▶ _What the task requires_
Each record that comes next should be output exactly; pictures do not belong in the copy.

▶ _Stored data entries_
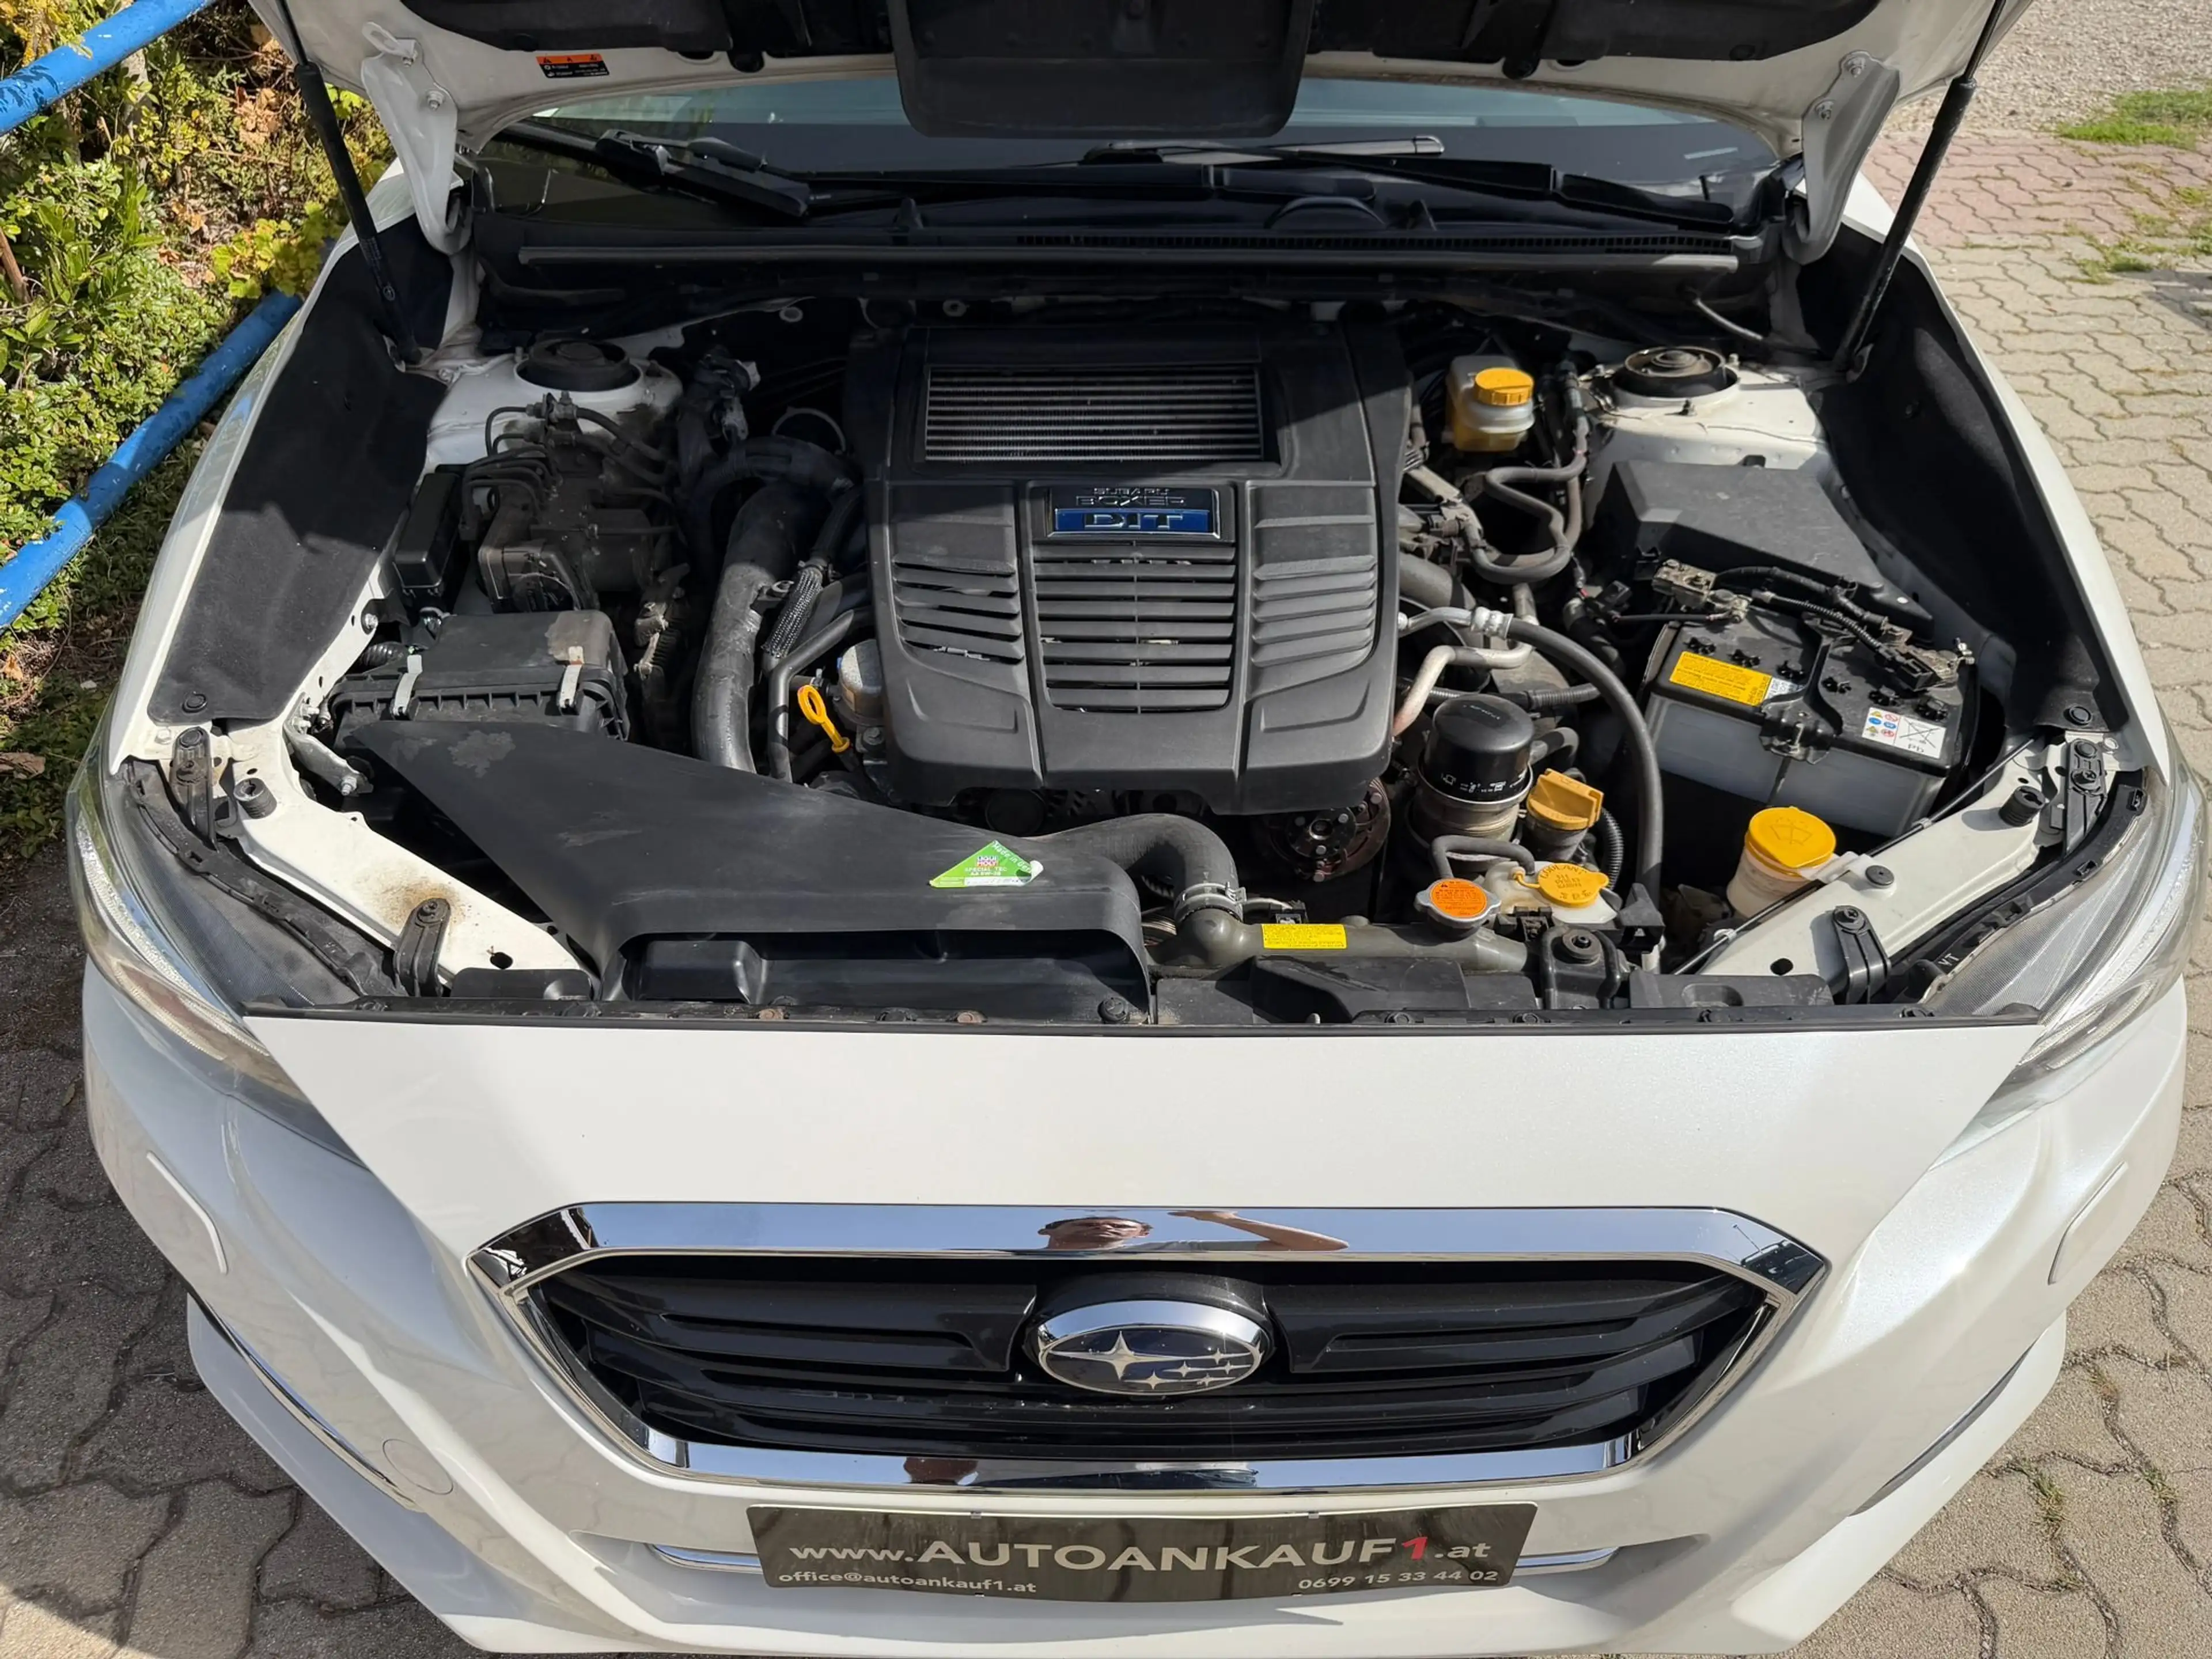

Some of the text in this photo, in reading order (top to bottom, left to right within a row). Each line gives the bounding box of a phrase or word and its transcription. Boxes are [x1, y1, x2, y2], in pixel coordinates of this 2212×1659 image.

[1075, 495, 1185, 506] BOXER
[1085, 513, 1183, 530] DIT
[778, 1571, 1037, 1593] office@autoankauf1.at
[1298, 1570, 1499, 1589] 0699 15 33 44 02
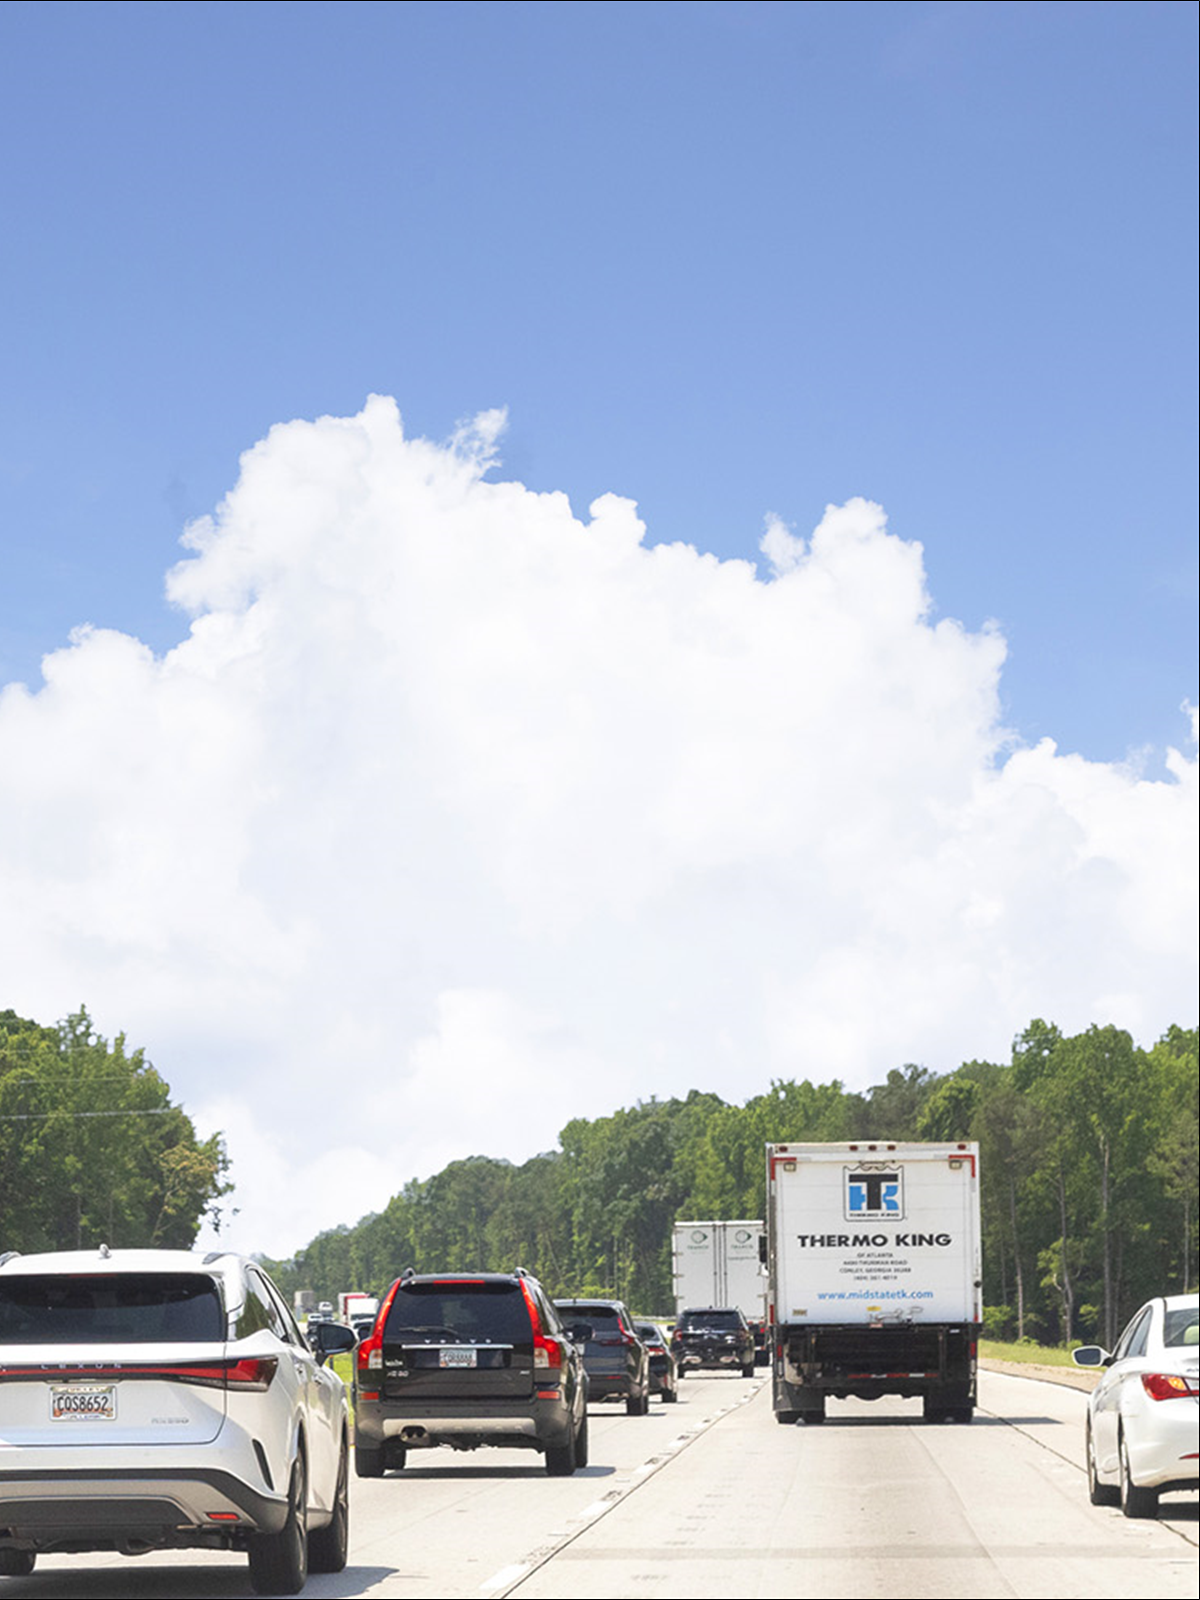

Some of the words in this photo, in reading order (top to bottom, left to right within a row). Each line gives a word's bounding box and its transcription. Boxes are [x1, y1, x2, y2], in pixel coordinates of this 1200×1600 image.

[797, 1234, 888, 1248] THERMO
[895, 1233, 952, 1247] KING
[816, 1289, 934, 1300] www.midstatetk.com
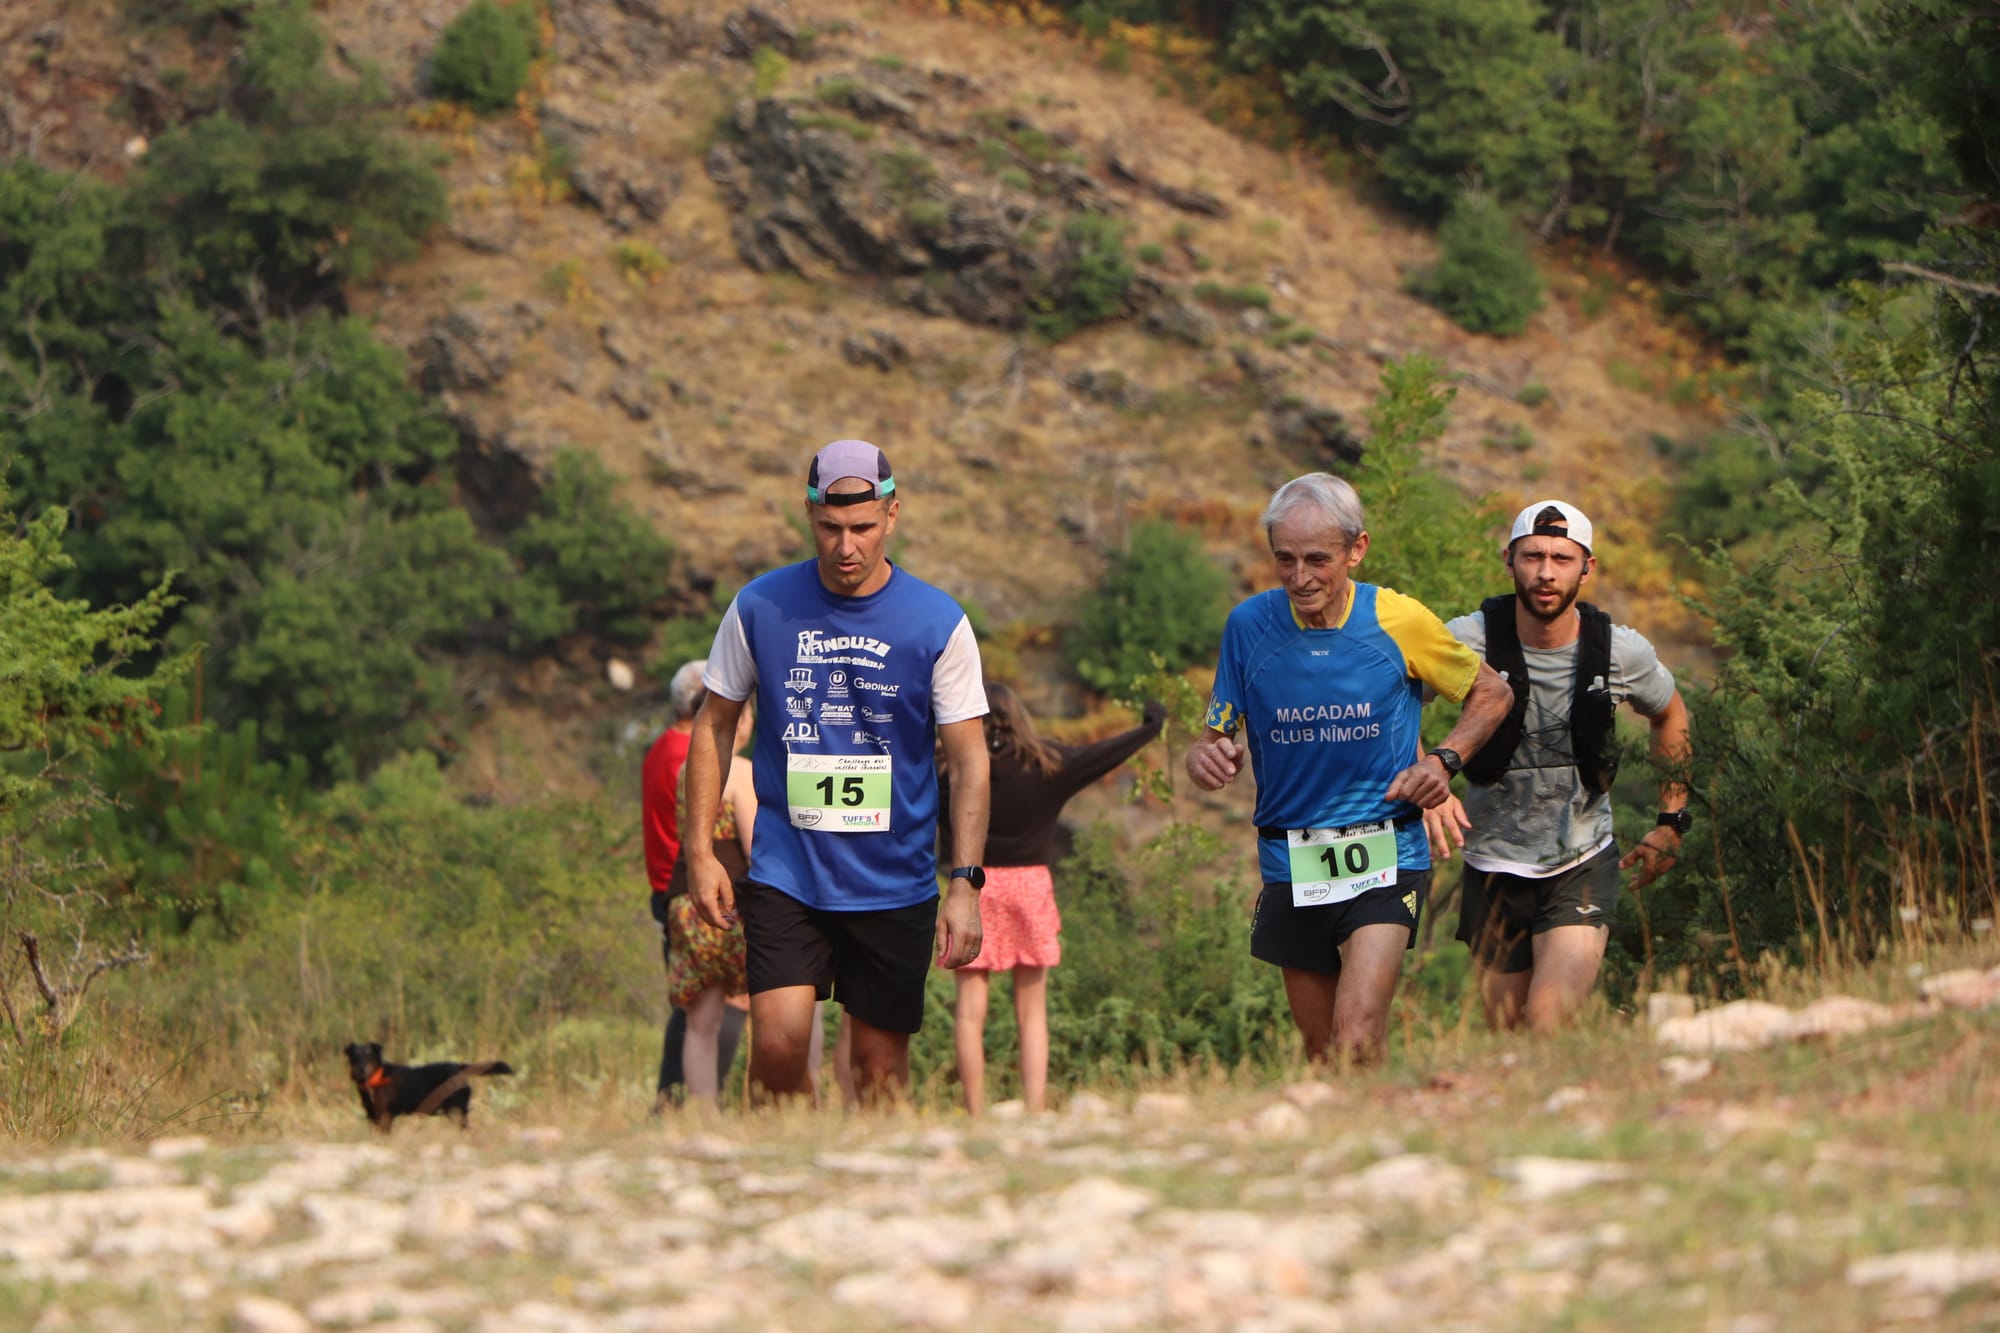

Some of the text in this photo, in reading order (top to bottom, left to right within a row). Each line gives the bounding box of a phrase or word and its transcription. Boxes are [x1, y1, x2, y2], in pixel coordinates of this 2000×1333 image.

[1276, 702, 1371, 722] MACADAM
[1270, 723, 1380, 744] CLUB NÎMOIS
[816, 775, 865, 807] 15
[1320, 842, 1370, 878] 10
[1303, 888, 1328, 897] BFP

▶ _Task response_
Some of the text in this photo, in reading order (top to bottom, left to right within a row). Each line gives the bounding box of a phrase or word and its transcription. Boxes are [x1, y1, x2, y2], in pixel coordinates of this 2212×1659 image.

[1075, 495, 1185, 506] BOXER
[1085, 513, 1183, 530] DIT
[778, 1571, 1037, 1593] office@autoankauf1.at
[1298, 1570, 1499, 1589] 0699 15 33 44 02

Some of the words in this photo, in reading order (top to bottom, left to right within a row). Each line gives a word's bounding box and its transcription. Boxes are [x1, y1, x2, y2], in pixel coordinates of this 1200×1600 image.

[797, 1234, 888, 1248] THERMO
[895, 1233, 952, 1247] KING
[816, 1289, 934, 1300] www.midstatetk.com

Some of the text in this photo, in reading order (top to bottom, left to right within a row). Each line gives the bounding box of a phrase or word and its transcription. Boxes are [x1, y1, x2, y2], in pixel coordinates of this 2000×1333 image.

[1276, 702, 1371, 722] MACADAM
[1270, 723, 1380, 744] CLUB NÎMOIS
[816, 775, 865, 807] 15
[1320, 842, 1370, 878] 10
[1303, 888, 1328, 897] BFP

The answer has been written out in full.